Fatih Turgay ELDEM
(Eski) Kudüs Tecim Ataşesi, (Kıdemli) Tecim Uzmanı, T. C. Tecim Bakanlığı
Öz: Osmanlı İmparatorluğu, Birinci Dünya Savaşı’nda Filistin Cephesi’nde Britanya İmparatorluğu’na karşı savaşırken, 1917’den itibaren bu cepheden geri çekilmeye başlamıştı. 1918 senesinde Filistin’deki son muharebesi olan Nablus Muharebesi ile Anadolu kapılarına kadar çekilirken, Osmanlı orduları bugünkü Batı Şeria sınırları dahilinde binlerce şehit vermişti. Fakat orada kalan şehit mezarlarının bir çok bugün kaybolmuştur. Bürokratik engeller sebebiyle, ölen Türk askerlerini anmak için bir anıt şu ana kadar yapılmamıştır. T. C. Dışişleri ve Ulusal Müdafa Bakanlıkları anıt inşası için girişim başlatıp sonuçlandırmalı; mevcut yurtdışı şehitliklerin yönetilmesinde görülen düzensizlik ve kapalılık son bulmalıdır.
*
Osmanlı İmparatorluğu’nu Birinci Dünya Savaşı’nın sonuna yaklaştıran ve 18 Eylül’den 31 Ekim 1918’e kadar devam eden Nablus (Megiddo) Muharebesi, Osmanlı İmparatorluğu’nun Yıldırım Orduları Grubu ile İsyancı Arap Ordusu desteğindeki Britanya İmparatorluğu’nun Mısır Seferi Kuvveti içinde Filistin Cephesi’nde yapılmış oldu. 4., 7. ve 8. Osmanlı Orduları’ndan meydana gelen Yıldırım Orduları Grubunun başlangıcında Otto Liman von Sanders vardı. 4. Ordu Cemal (Mersinli) Paşanın, 7. Ordu Mustafa Kemal (Mustafa Kemal Atatürk) Paşa’nın ve 8. Ordu da Cevat (Çobanlı) Paşa’nın komutasındaydı. Karargahları sırasıyla El-Salt’ta (Ürdün), Nablus’da (Batı Şeria) ve Tul Kerim’de (Batı Şeria) idi.
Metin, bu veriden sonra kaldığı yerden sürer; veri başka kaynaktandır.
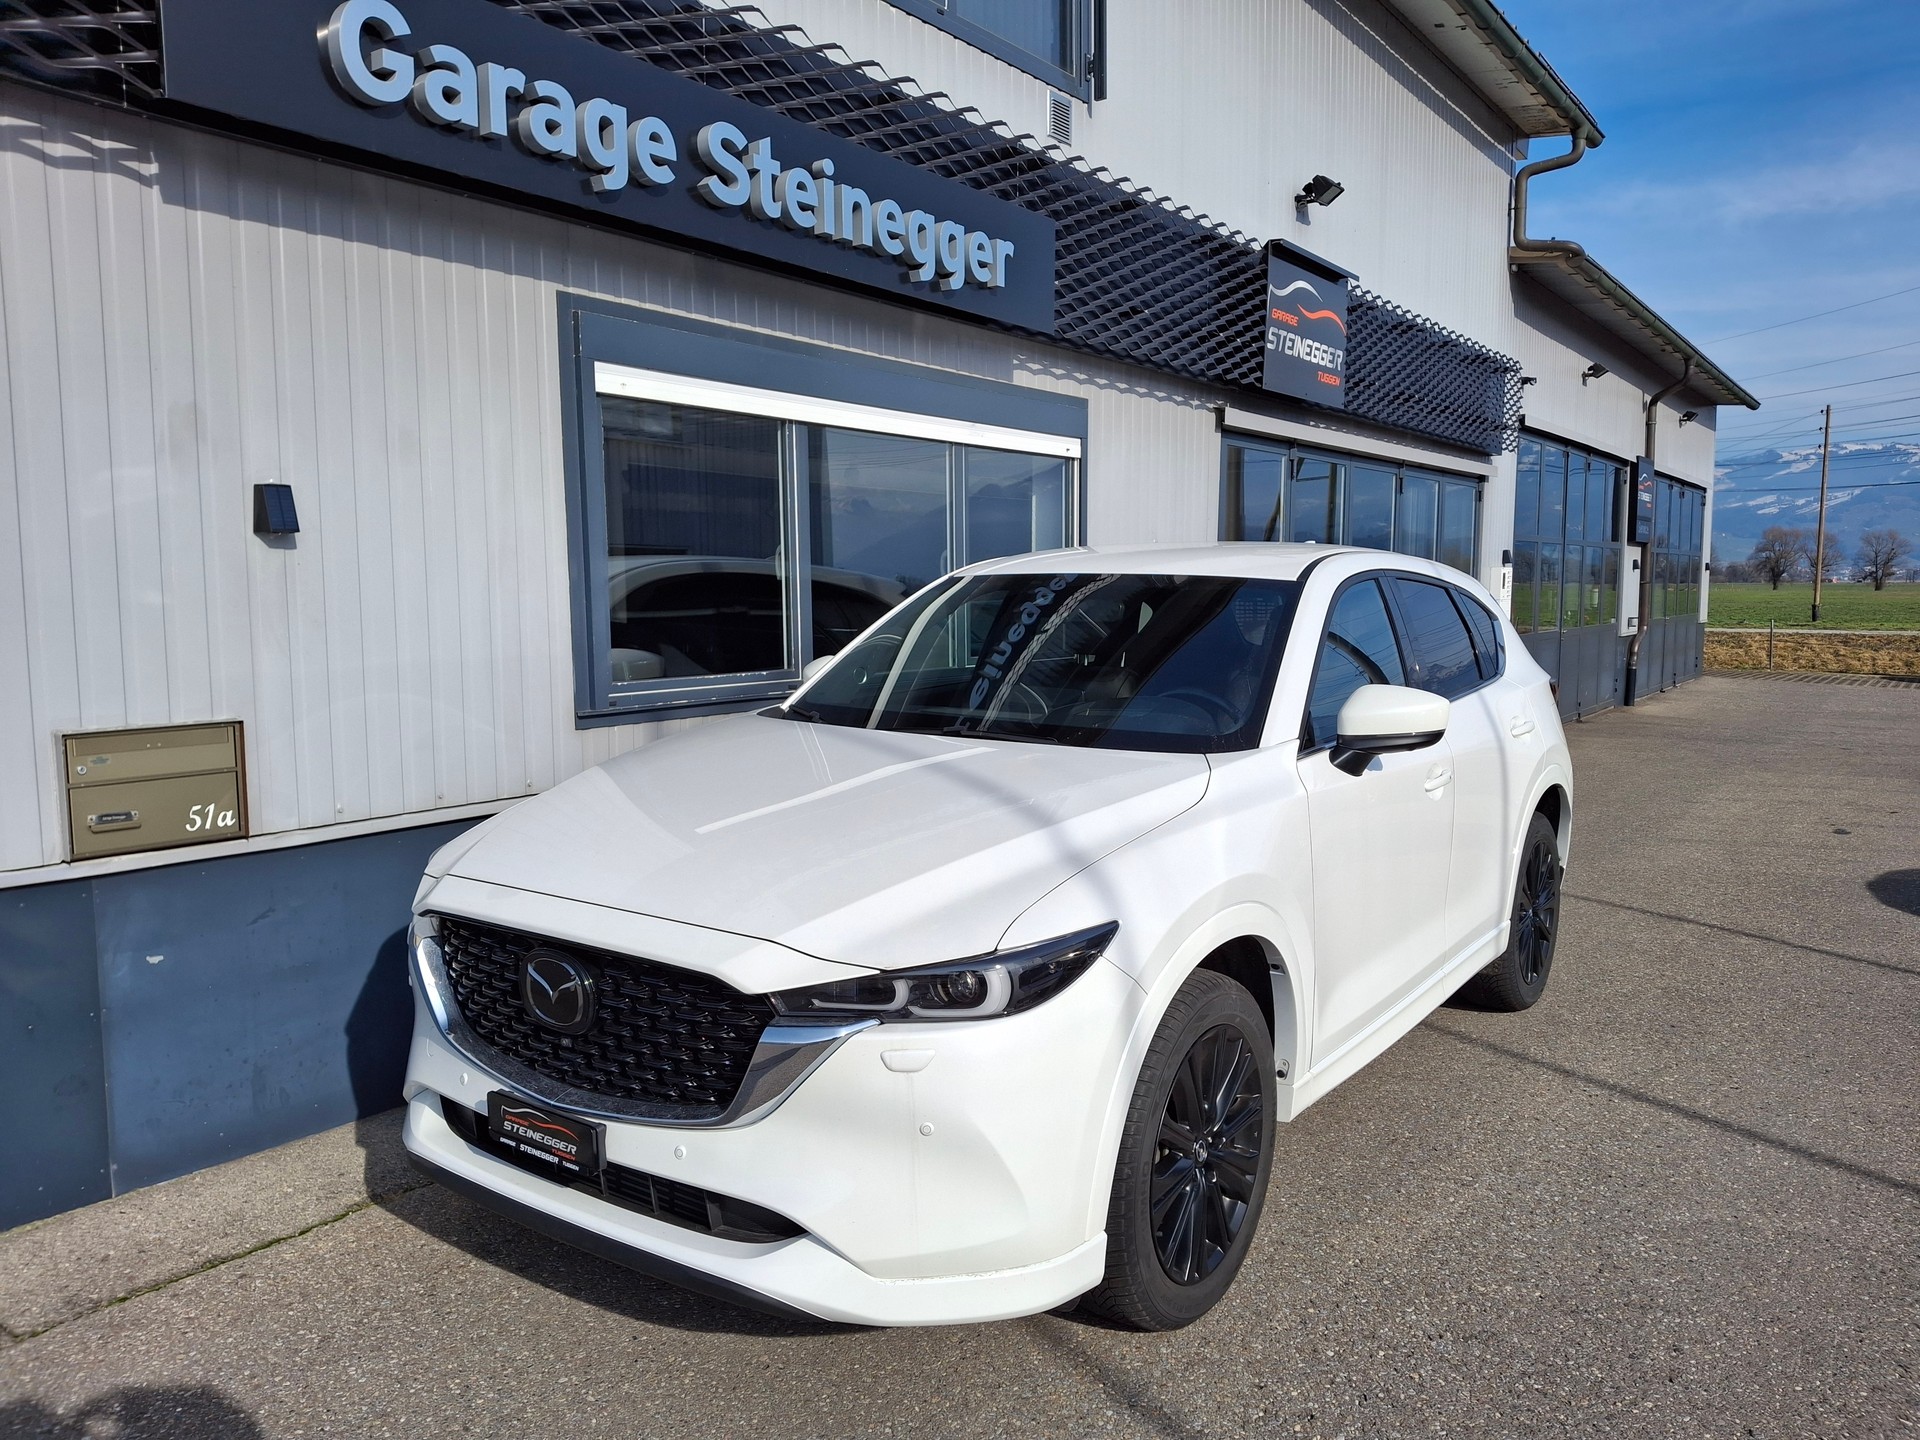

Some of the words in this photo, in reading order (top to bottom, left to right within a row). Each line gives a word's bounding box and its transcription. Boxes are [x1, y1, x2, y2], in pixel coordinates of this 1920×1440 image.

Britanya ve Avustralya uçakları muharebe esnasında 4. Orduyu El-Mefrak İstasyonunda (Ürdün), 7. Orduyu Feria Vadisinde (Batı Şeria) ve 8. Orduyu Mesudiye Geçidinde (Batı Şeria) vb. yerlerde havadan bombardıman ile imha etmişti. Von Sanders de Yıldırım Orduları Grubunun El-Nasıra’daki (İsrail) Genel Karargahında Mısır Sefer Kuvveti atlılarına tutsak düşmekten kıl payıyla kurtulmuştu. Grubun zayiatı ölü, yitik ve tutsak olmak suretiyle takriben 100.000 askerdi.[1] Fakat Türkçe literatürde muharebeye adını veren ve Mustafa Kemal Paşa’nın karargahının bulunmuş olduğu Nablus’ta, muharebede ölen askerleri anacak bir anıt bulunmamaktadır.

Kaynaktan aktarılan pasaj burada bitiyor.